L'auteur y évoque ce que j'appellerais les suicides ferroviaires : ces suicides qui ont lieu sur les voies des trains ou des métros.
Comme tant de voyageurs pressés de ces rames de banlieue si souvent confrontées à de tels "accidents", Eric Fottorino s'est longtemps efforcé de ne pas y penser, et d'oublier au plus vite ces annonces, anodines et terrifiantes, entendues dans les trains attardés sur les voies : "Suite à un accident grave de voyageur..."
Mais il y a eu ce soir où le RER qui devait le ramener chez lui s'est immobilisé, abandonnant à minuit les voyageurs désemparés près d'un cadavre qu'on emportait déjà. Puis la terreur de sa fille, un dimanche matin, quand elle a vu tomber d'un pont une silhouette humaine, avant d'entendre freiner le train.
Il ne lui a plus été possible d'oublier, il a essayé d'en savoir plus, de comprendre. C'est ce cheminement qu'il retrace, simplement, brièvement. De ce parcours d'un homme qui, parce qu'il croit aux mots, voudrait donner une suite aux vies brisées, s'efforçant de parler, pour qu'enfin "tous [l'] entendent", de ce qu'on cherche à taire, quelques étapes majeures se détachent. Ses longues errances sur le net, à la recherche des pensées des "RERiens", telles que les traduisent les commentaires, maladroits, cruels ou compatissants, recueillis sur un blog d'"usagers" consacré à ces accidents. Sa rencontre avec une jeune femme médecin, dont la soeur s'est jetée sur une voie de métro de la station Cambronne. Sa visite au carré infamant des suicidés du cimetière juif de la ville de Fès, où il s'est rendu sur les traces de son père marocain. Son angoisse, enfin, lorsqu'il reprend sa place parmi les "RERiens", qui ne survivent qu'en "gardant leurs distances", dans la solitude et l'indifférence à autrui.
Je viens de refermer le livre. Pourquoi l'ai-je posé sur le grand classeur rouge resté sur mon bureau ? Sur ce fond rouge le mince volume fait mal à voir, avec son titre rouge, son bandeau rouge - incongruité de ce bandeau publicitaire - ... tout ce rouge... tout ce sang... et la sciure et le sable jetés en hâte, boue écarlate, sur les voies qu'il faut dégager...
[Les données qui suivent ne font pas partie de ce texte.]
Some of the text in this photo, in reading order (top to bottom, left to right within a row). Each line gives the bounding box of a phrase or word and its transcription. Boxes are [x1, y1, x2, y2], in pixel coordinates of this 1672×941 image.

Non... cet effroi, ces réflexions tremblantes, ces pensées douloureuses que le livre a ouvertes ou plutôt rouvertes en moi, je ne les refermerai pas avec lui.
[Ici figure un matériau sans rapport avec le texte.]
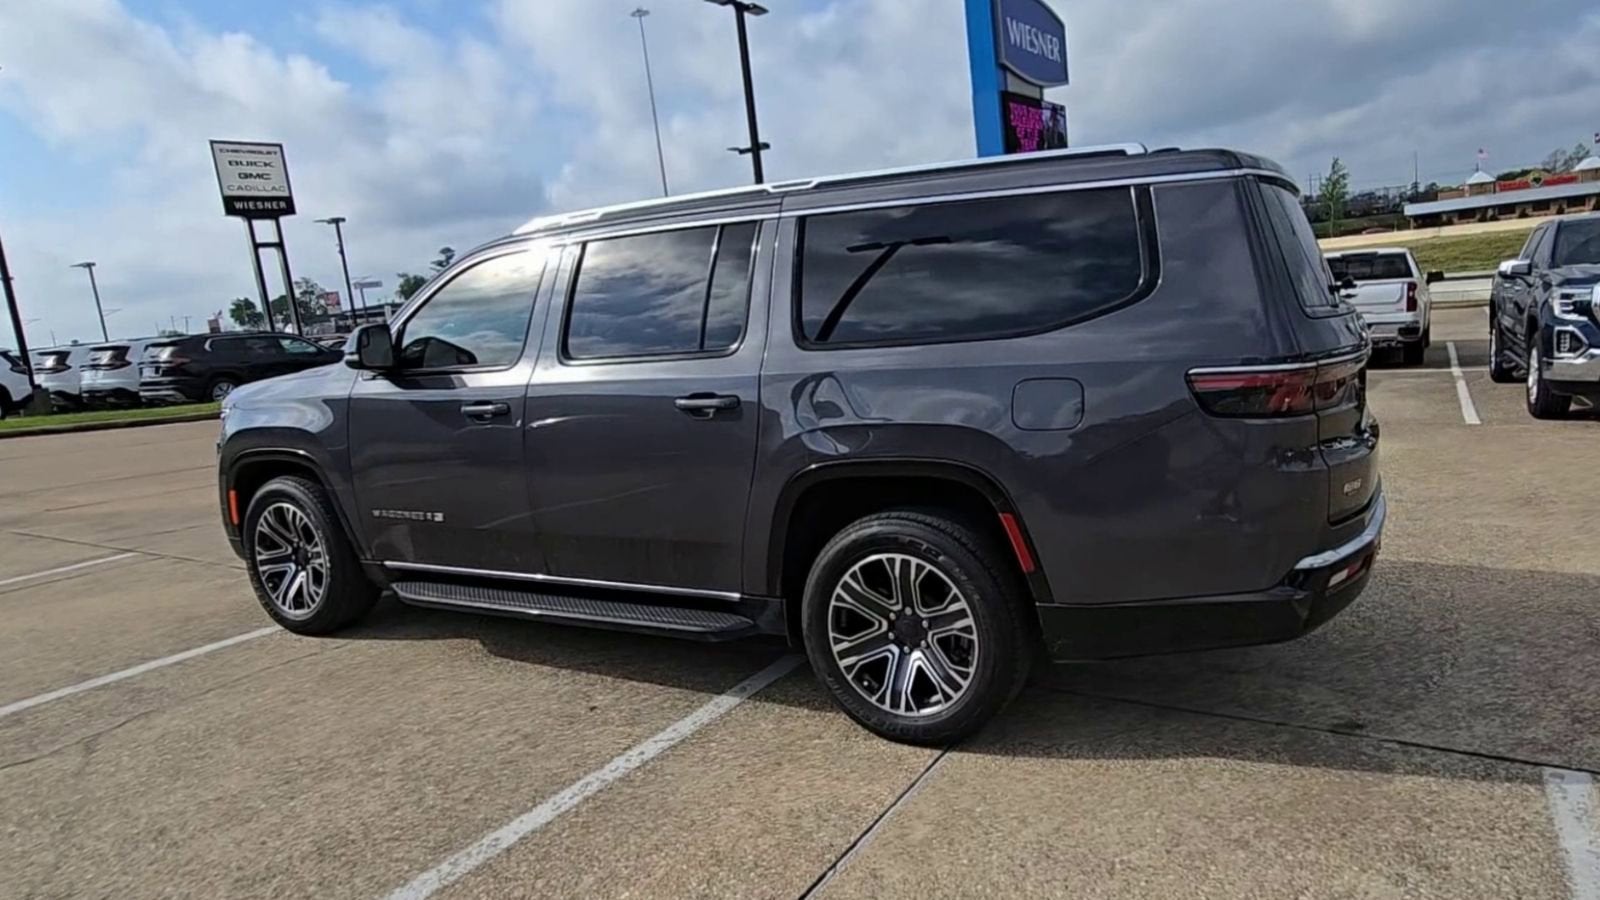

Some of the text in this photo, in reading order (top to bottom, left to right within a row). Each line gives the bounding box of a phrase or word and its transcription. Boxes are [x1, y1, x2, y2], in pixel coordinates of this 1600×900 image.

[1006, 17, 1061, 62] WIESNER
[228, 160, 275, 168] BUICK
[238, 172, 272, 180] GMC
[226, 184, 287, 192] CADILLAC
[233, 201, 287, 210] WIESNER
Quand Tolstoï précipite Anna sous un train, il prend bien soin de relier cette mort à sa première rencontre avec Vronski, lui conférant par là une nécessité symbolique et morale qui peut en transcender l'horreur.
Il en va tout autrement de ces suicides ferroviaires qui croisent ou interrompent nos trajets quotidiens. Aucune nécessité que nous pourrions comprendre ne vient en atténuer l'insoutenable violence, et le seul sens qu'ils peuvent prendre pour nous est peut-être de mettre au jour cet enchevêtrement fragile de voies sans issues et d'aiguillages aberrants qui dirige nos vies, dans ce monde dit moderne, dont les gares et les stations de métro ou de RER sont devenues l'allégorie - comme l'avait pressenti Paul Delvaux dans ses tableaux si troublants.
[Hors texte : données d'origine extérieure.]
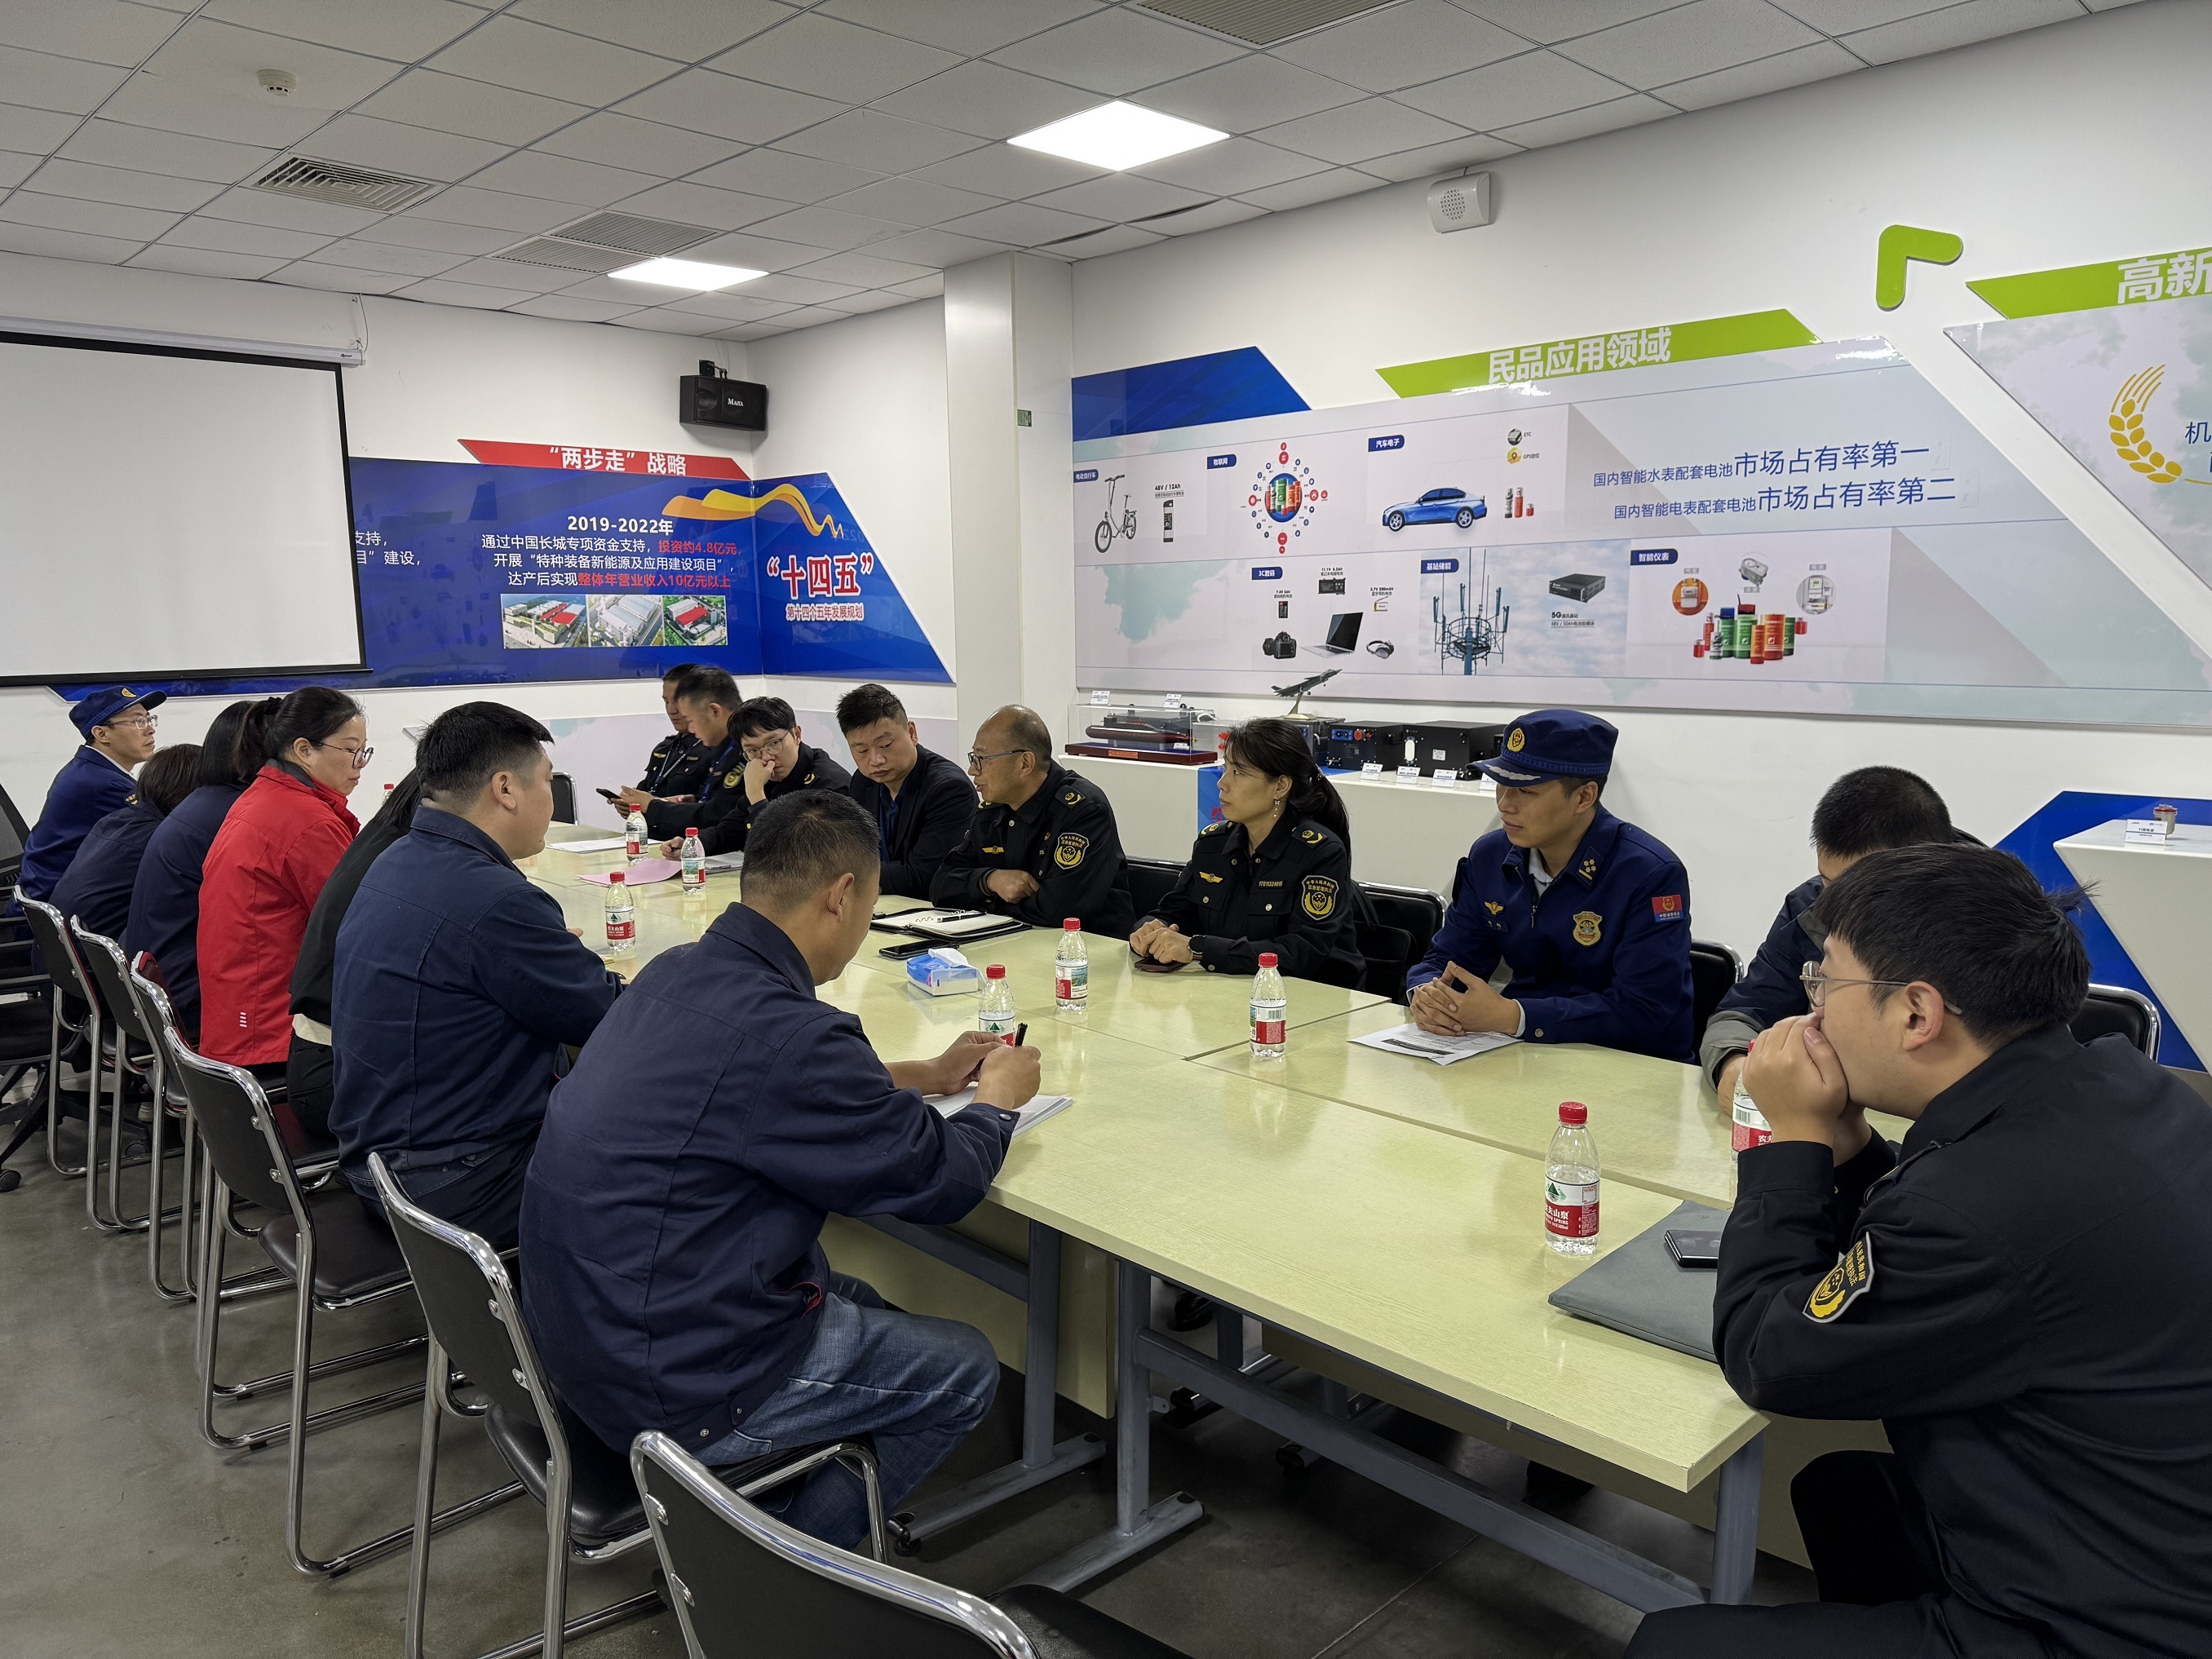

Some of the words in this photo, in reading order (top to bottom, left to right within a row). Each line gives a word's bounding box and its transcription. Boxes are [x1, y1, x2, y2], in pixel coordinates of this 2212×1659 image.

[1489, 326, 1671, 384] 民品应用领域
[1375, 438, 1400, 449] 汽车电子
[1213, 458, 1228, 467] 物联网
[1593, 440, 1930, 488] 国内智能水表配套电池市场占有率第一
[1075, 471, 1097, 480] 电动自行车
[1613, 476, 1956, 520] 国内智能电表配套电池市场占有率第二
[568, 515, 674, 535] 2019-2022年
[1639, 552, 1670, 562] 智能仪表
[1427, 561, 1452, 570] 基站储能
[508, 571, 731, 589] 达产后实现整体年营业收入10亿元以上
[1258, 569, 1276, 577] 3C数码
[785, 603, 864, 621] 第十四个五年发展规划
Je me suis souvent demandée quel mélange incompréhensible de détestation de soi et de narcissisme forcené pouvait conduire des êtres humains à se jeter sur les voies, offrant leur corps, d'un même élan, à une destruction totale et à une mise en scène spectaculaire. J'ai essayé bien des fois de comprendre ce que pouvait ressentir le conducteur de la machine, à être ainsi brusquement transformé, lui simple humain, en une aveugle et mécanique divinité de mort. Je me suis étonnée, moi aussi, de ces annonces soigneusement, absurdement édulcorées qu'on fait au haut-parleur, après, pour nous signifier que les choses doivent rentrer dans l'ordre - et de tout ce que cela peut nous révéler de cet ordre, dont la stabilité se fonde sur tant de drames et de détresses sans fin niées. J'ai été, également, stupéfaite d'entendre des gens, empêchés de rentrer chez eux ou de se rendre à leur travail, maugréer sur le quai contre le corps couché tout près - "encore un !"-, et fustiger son "égoïsme" de malotru, en "braves gens" ordinaires, résolument ordinaires, bien décidés à ne pas prendre la mesure de ce fait que la mort abolit justement les règles du quotidien, et remet en question tous nos trajets, tous nos projets, tous nos jugements. Et que dire de l'obstination morne des journaux du lendemain à réduire la tragédie aux quelques lignes plates d'un fait divers, ou, plus souvent, à l'effacer tout à fait, préférant éviter d'en parler ?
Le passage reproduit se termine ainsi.